I felt anger today within but I have a new resolve for a different solution. A solution of coherence and focus.
August 28, 2017 : 3:45 PM PST
Why do people do things like this? I am sharing this because sometimes bad news can become a positive. I came home and visited my Amazon page and found a negative book review as follows:
Annapolis Creed is pure fiction and extremely poorly written. Please DO NOT waste your time and money to support such a shameless, arrogant, delusional fraud. Good luck to you Dr. Smith with the lies written in this book, I truly believe you are going to need it! In the future, please THINK before you write and foolishly self-publish. Amateur.
Yes, I may be an Amateur, but this is not fiction. So here is my response to the comment.
To talk about arrogance, shameless, and delusional fraud. Sorry prevaricators creed but the book is not fiction. The events at Annapolis in 1976 are a part of history, and I was the first Black to do so. So I suggest you look at Schneller (2006), All Hands Magazine, Ebony Magazine, Anne Arundel Times Newspaper, etc. So you are the one delusional fraud trying to get credit as a book reviewer (Quantum). Bad press and you need to review your information. No shame in serving my country as a US Marine. So according to you, there was no African-Americans at Annapolis in 1976, and Wesley Brown never graduated from the Naval Academy in 1949. I suggest you do your research before you criticize.

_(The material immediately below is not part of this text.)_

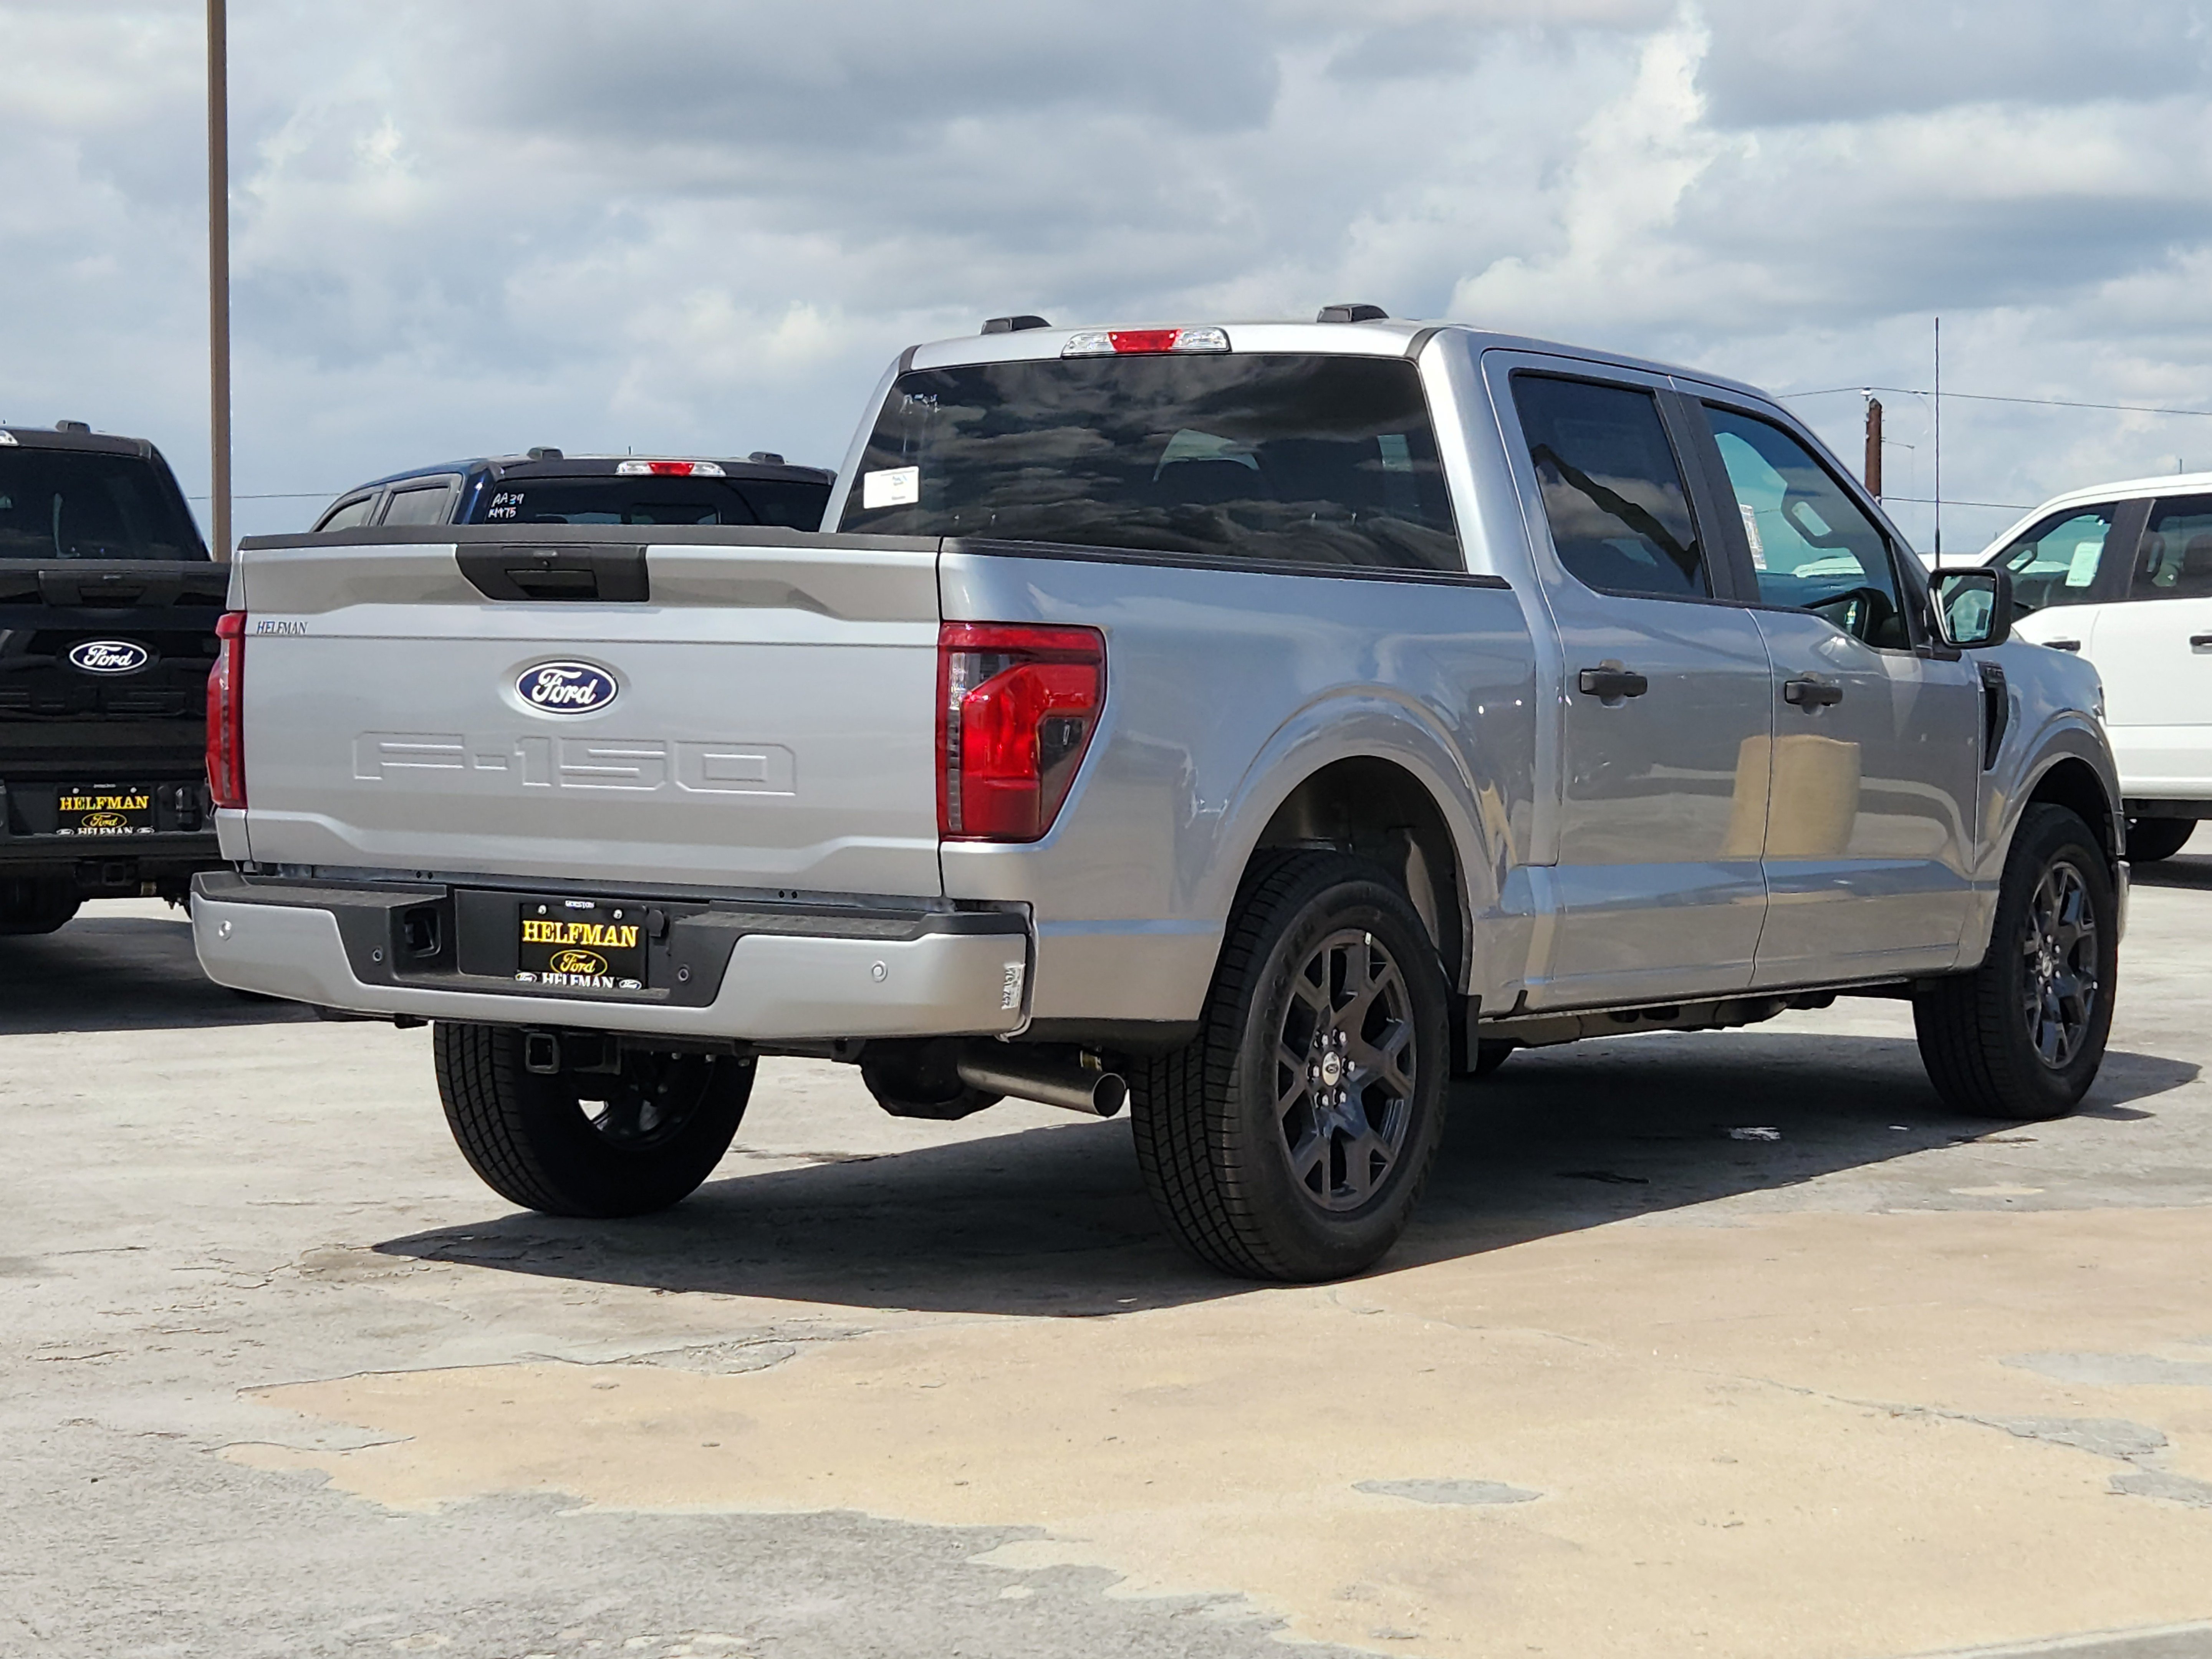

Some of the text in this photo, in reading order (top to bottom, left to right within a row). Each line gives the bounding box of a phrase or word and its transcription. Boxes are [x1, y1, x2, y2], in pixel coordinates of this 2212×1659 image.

[257, 621, 308, 634] HELFMAN
[353, 730, 797, 796] F-150
[59, 796, 149, 811] HELFMAN
[522, 920, 639, 948] HELFMAN

I found out the account was just created as a book reviewer with one review of my book with a fake name (no guts). Angry but coherent because I have been there before. The post was removed and suddenly came back once again. Now I like it there because it double the followers on Twitter and on Annapolis Creed Facebook page in three days. I want to set the record straight. The images shown on this page are not part of the book but kept out for proof of the events.

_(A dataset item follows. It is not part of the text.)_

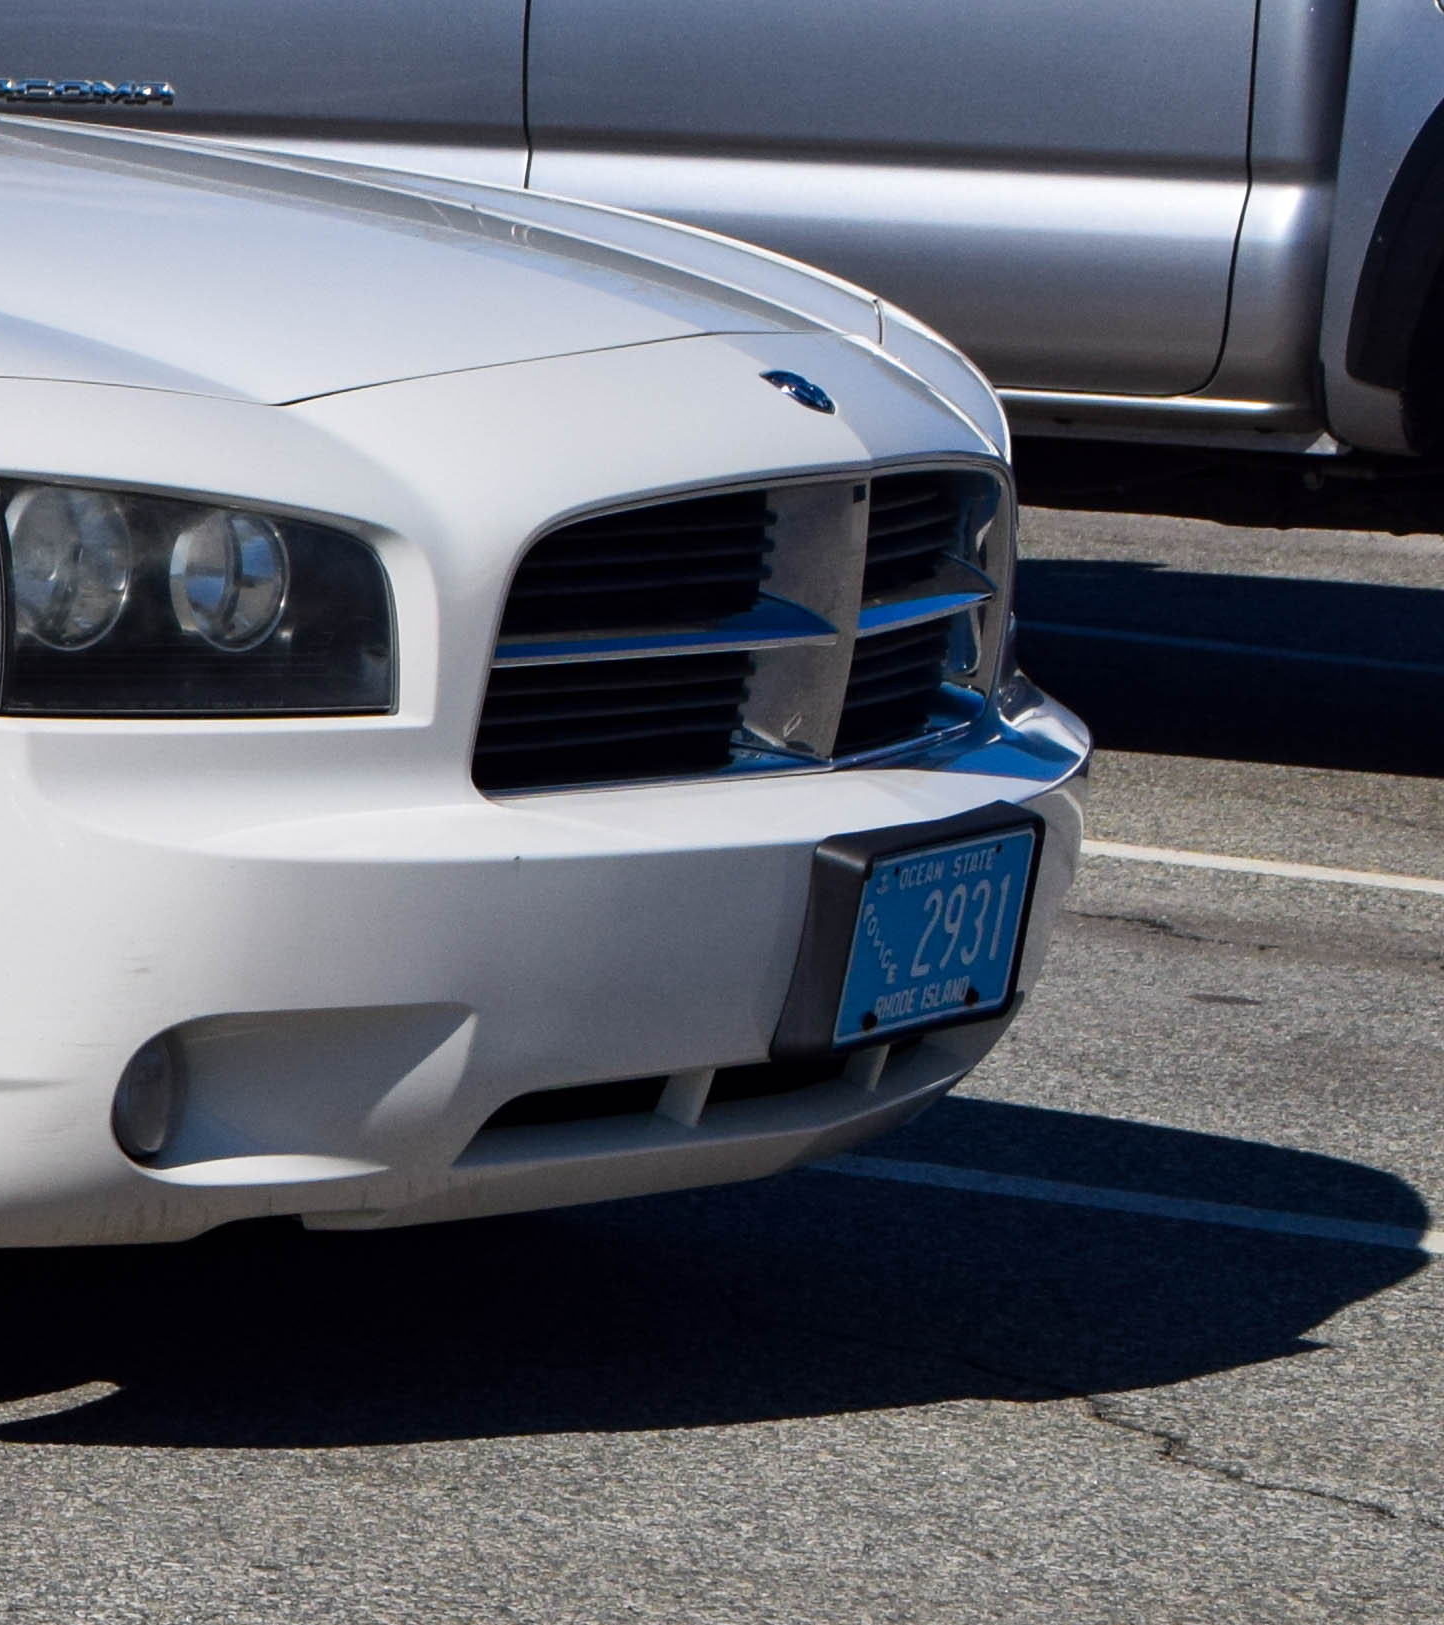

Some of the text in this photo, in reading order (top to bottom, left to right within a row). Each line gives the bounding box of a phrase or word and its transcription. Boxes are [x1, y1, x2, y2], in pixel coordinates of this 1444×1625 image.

[899, 848, 996, 890] OCEAN STATE
[862, 904, 898, 985] POLICE
[910, 874, 1011, 978] 2931
[874, 976, 970, 1019] RHODE ISLAND

In January of 1991 before the launching the commencement of Operation Desert Storm, Colonel Michael J. Williams (now retired 4-star USMC General) the commanding Officer of Marine Air Group 26 receives orders to deploy his Helicopter Air Group to a position 18 miles south of the Kuwait Border to provide support for offensive operations. The position was located in the desert 150 miles away from the nearest seaport where a ship was storing expeditionary air field steel mats. The American forces had been using flat bed commercial trucks to move into positions throughout Saudi Arabia. They were lined up like taxi cabs outside of American Airports just waiting for their next fare. Just like the Mama Sans in Japan knew about ship deployments so did the Saudi's commercial trucks and vendors knew about the upcoming offensive action. Suddenly one morning I noticed that every vendor had closed shop and hundreds of commercial trucks disappear. No trucks. No Airfield. So how did MAG-26 build an airfield without any trucks right before Desert Storm? Someone with the Call Sign "Godfather" would oversee the building of Lonesome Dove. See Chapter 13 in Annapolis Creed.
Exert from Wikipedia...
In December 1990, MAG-26 relocated to expeditionary airfield Lonesome Dove in Jubail, Saudi Arabia, to support the I Marine Expeditionary Force and the 2nd Marine Division in the liberation of Kuwait during Operation Desert Storm. The composite squadron included nine squadrons from MAG-26, MAG-29 and the 4th Marine Aircraft Wing.

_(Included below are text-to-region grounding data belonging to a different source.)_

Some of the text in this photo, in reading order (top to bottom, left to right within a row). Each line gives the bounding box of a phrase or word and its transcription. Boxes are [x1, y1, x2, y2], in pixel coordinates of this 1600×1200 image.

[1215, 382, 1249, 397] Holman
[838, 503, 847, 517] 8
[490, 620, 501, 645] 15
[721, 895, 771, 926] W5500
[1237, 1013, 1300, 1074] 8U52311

Recent events during the past week brings tears to my eyes because I now have a different perspective about American history. Our freedom today and our military leadership that has protected our freedoms since 1863 partly originates from the lessons learned about the different leadership styles of those confederate generals like Lee, Longstreet, and Stonewall Jackson. I share in this post two videos to help Americans see through the lens of reflection and growth of a changing mindset.
This summer I had the privileged of attending a Diamond Six Leadership trip back to Washington, D. C. and take an extensive leadership course to study the generals of the civil war which includes both Union and Confederate officer leadership styles. In March of this year I was informed by my school principal that I was nominated to attend this summer trip. I felt in a strange place because the group primarily had administrative personnel with whom I previously had little exposure to. This six day trip to Gettysburg forever changes my personal opinion about the Civil War, Gettysburg, Lincoln, and the Confederate Generals who happen to be graduates of West Point. As part of the preparations for this trip we were required to read the book "Killer Angels" by Michael Shaara.
We stayed in Carlisle, Pennsylvania a short distance from the sacred battlegrounds of Gettysburg. We studied the leadership styles of Chamberlain, Lee, Longstreet, and Buford. Along the battlefield are statues that tell a story about the battle that is a rich learning experience and no one in my opinion should destroy or take down the statues to remind us of the men who died to make America a great nation. On the final day of the Gettysburg tour I was honored to be chosen as the one to read the Gettysburg Address before my peers and the school district superintendent at the same location that President Lincoln gave his address back in 1963 about four months after the Battle of Gettysburg. It was an honor that I will never forget. The following video was taken on July 12, 2017 at the cemetery in Gettysburg.
No one in America today was born a slave. No one today is a slave owner. The past is history but we should remember to not repeat the mistakes that give us our freedom today. I am proud to be an American living in America. Watch the video and decide to either live in peace here in America or leave. You have a choice because this is the United States of America. I will live and die an American. Semper Fi!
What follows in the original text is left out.